When Adjeng goes clubbing with her friends, she drinks too much and vomits, later passing out in a toilet. As she lies with her head on the seat she recalls that, as a child (Nadya Romples), she had been forced to eat vegetables she had previously vomited. Later, when Andien uses her apartment for a one-night stand, Adjeng peeks and recalls how she had observed her mother having sex with her lover (Bucek Depp), a man who had previously molested Adjeng – an act which is not shown explicitly. This background, as well as her recollections of life as a teenager (played by Banyu Bening) at the home of her womanising father (August Melasz) are worked into Adjeng's short story "Lintah" ("Leech").

When Asmoro reads the story, he says that it is unrealistic and that readers need a climax. However, Adjeng insists that reality is unrealistic and that not all victims of rape are willing to call the police. Several days later, while they are lying in bed, Asmoro shows Adjeng that "Lintah" had been published in Kompas. Adjeng's mother, aware of the story's autobiographical nature, is furious and, after going to Adjeng's apartment, blames everything on Adjeng's father abandoning them.

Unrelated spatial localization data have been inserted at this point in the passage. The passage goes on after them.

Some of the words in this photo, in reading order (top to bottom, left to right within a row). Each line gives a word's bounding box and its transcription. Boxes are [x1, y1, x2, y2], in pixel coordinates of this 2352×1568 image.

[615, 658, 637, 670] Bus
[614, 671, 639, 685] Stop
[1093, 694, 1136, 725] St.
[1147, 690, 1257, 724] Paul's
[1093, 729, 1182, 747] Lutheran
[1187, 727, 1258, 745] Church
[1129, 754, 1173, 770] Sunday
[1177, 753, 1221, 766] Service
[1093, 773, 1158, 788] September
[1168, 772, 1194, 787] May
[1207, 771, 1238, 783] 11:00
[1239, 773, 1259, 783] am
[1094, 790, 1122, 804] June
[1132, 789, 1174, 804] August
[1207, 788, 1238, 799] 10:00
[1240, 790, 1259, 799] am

Upset, Adjeng goes out with Venny and Andien, but when the two begin arguing about motherhood, Adjeng leaves them both in the street. She then goes to a café to have a drink with Asmoro, who comforts her. When she returns home, she checks her messages, most of which are about the short story. Meanwhile, Venny and Andien return to their families and reflect on the importance of children.

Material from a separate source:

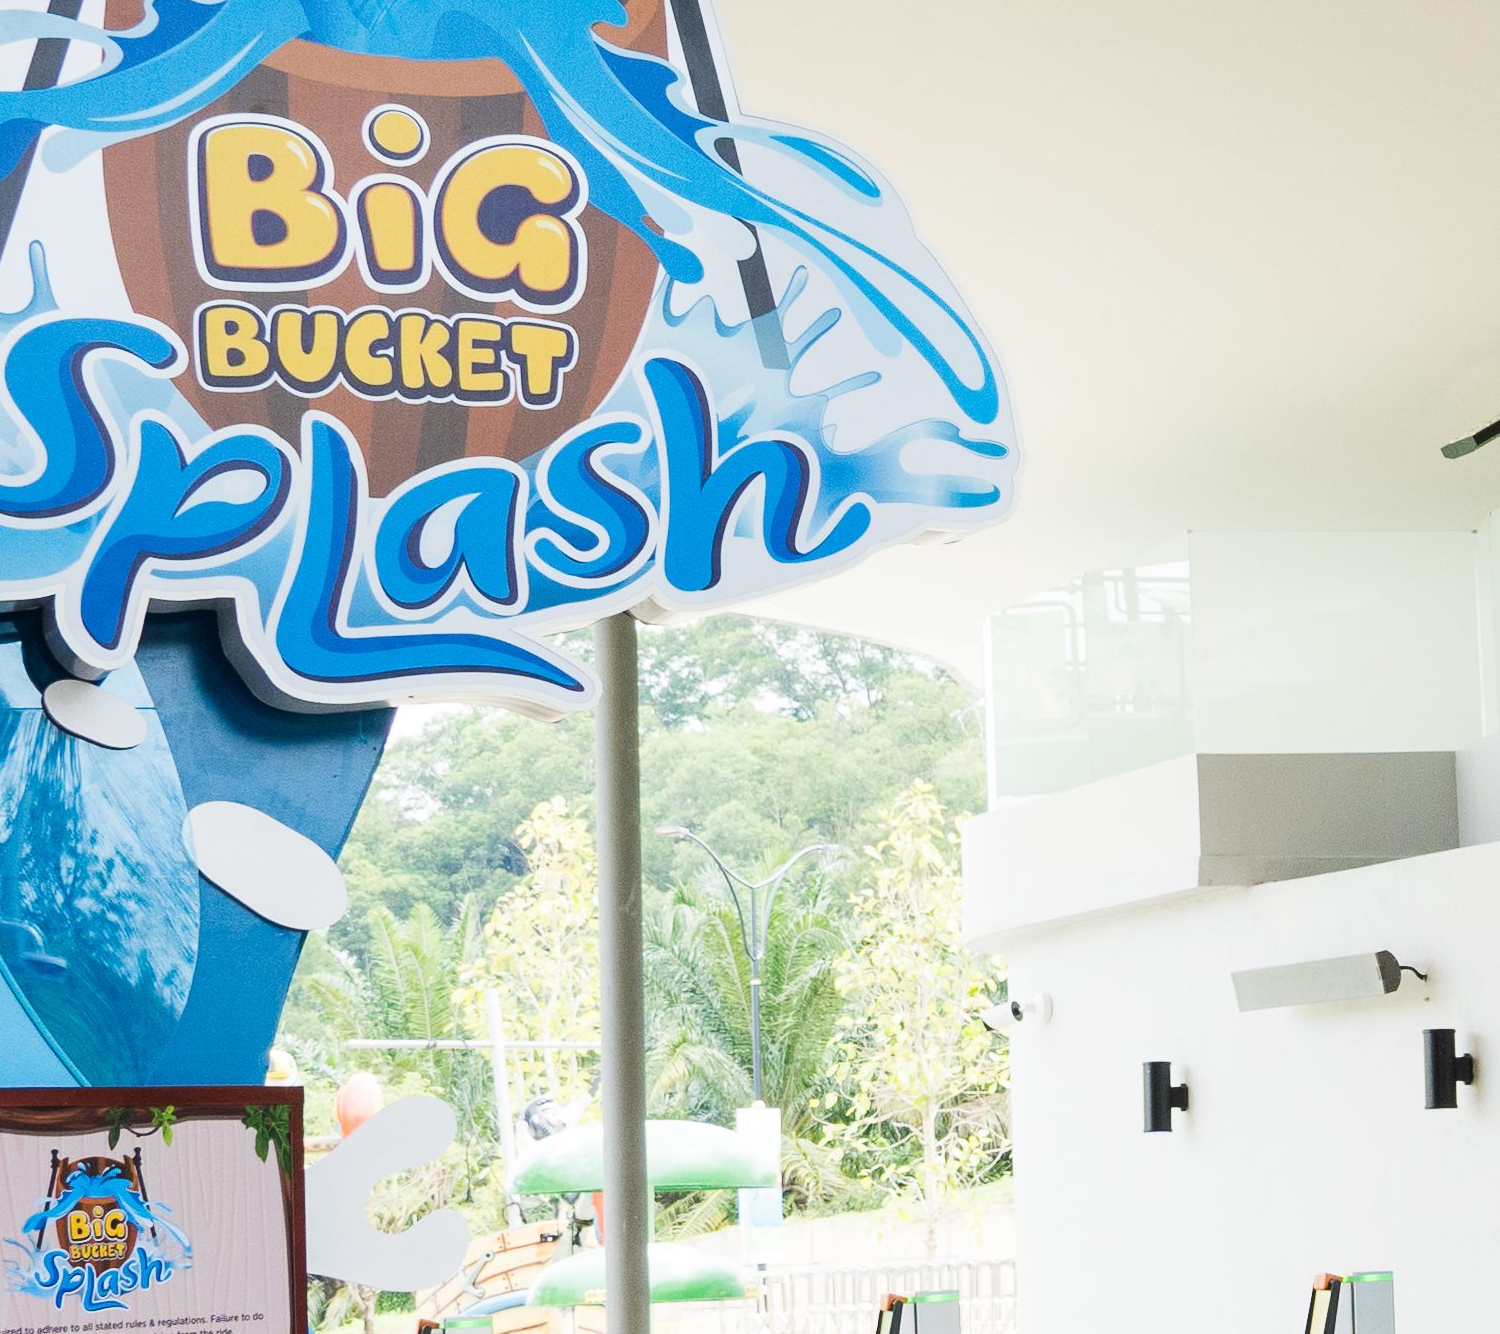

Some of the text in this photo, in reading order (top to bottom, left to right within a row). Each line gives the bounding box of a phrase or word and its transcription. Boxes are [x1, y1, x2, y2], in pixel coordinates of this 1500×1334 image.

The following day, Asmoro sees the businessman, Adjeng's boyfriend, leaving her apartment, which puts him in a foul mood. He and Adjeng argue, and Asmoro almost smothers Adjeng with a pillow before declaring that they are through. As Adjeng lies on the bed, she recalls how her mother's lover raped her and how her mother murdered him. When the phone rings, Adjeng watches the people from her past going about their lives in a residential complex, smiles, and returns to writing.

==Cast==
- Titi Rajo Bintang as Adjeng, a young writer who was abused as a child
- Banyu Bening as Adjeng as a teenager, while living at her father's house
- Nadya Rompies as Adjeng as a child, while living at her mother's house
- Henidar Amroe as Adjeng's mother, a former actress who is very controlling with her child
- Bucek Depp as Adjeng's mother's boyfriend, a musician who molests the young Adjeng
- Ray Sahetapy as Asmoro, Adjeng's mentor and lover
- Joko Anwar as a businessman, whom Adjeng dates to receive financial support
- August Melasz as Adjeng's father, a writer who enjoys womanising and interacts with his daughter
- Jajang C. Noer as Bi Inah, Adjeng's father's maid
- Ayu Dewi as Venny, Adjeng's friend who enjoys clubbing and wants to have a child
- Fairuz Faisal as Andien, Adjeng's friend who enjoys clubbing and has a child at home

==Production==
The film was originally meant to be based on the short story "Mereka Bilang, Saya Monyet!" from Djenar Maesa Ayu's 2002 debut, a critically and commercially successful short story anthology of the same name. However, Djenar later chose to base the film on "Lintah" ("Leech") and "Melukis Jendela" ("Painting the Window"), two other stories from the anthology. Ayu had originally not intended to film her stories, but agreed after she was approached by a consortium who offered to fund her. She asked Indra Herlambang, a writer-cum-television personality, to help her write the screenplay as she "never could write stories with a plot", (Note: Original: "Ane juge tau kapsitas ane, biasenye ntu... kalo menulis kagak perneh bise pake plot.") and she needed him to keep her motivated. The two wrote the screenplay over a period of two years, having difficulty finding new investors after the original ones dropped out.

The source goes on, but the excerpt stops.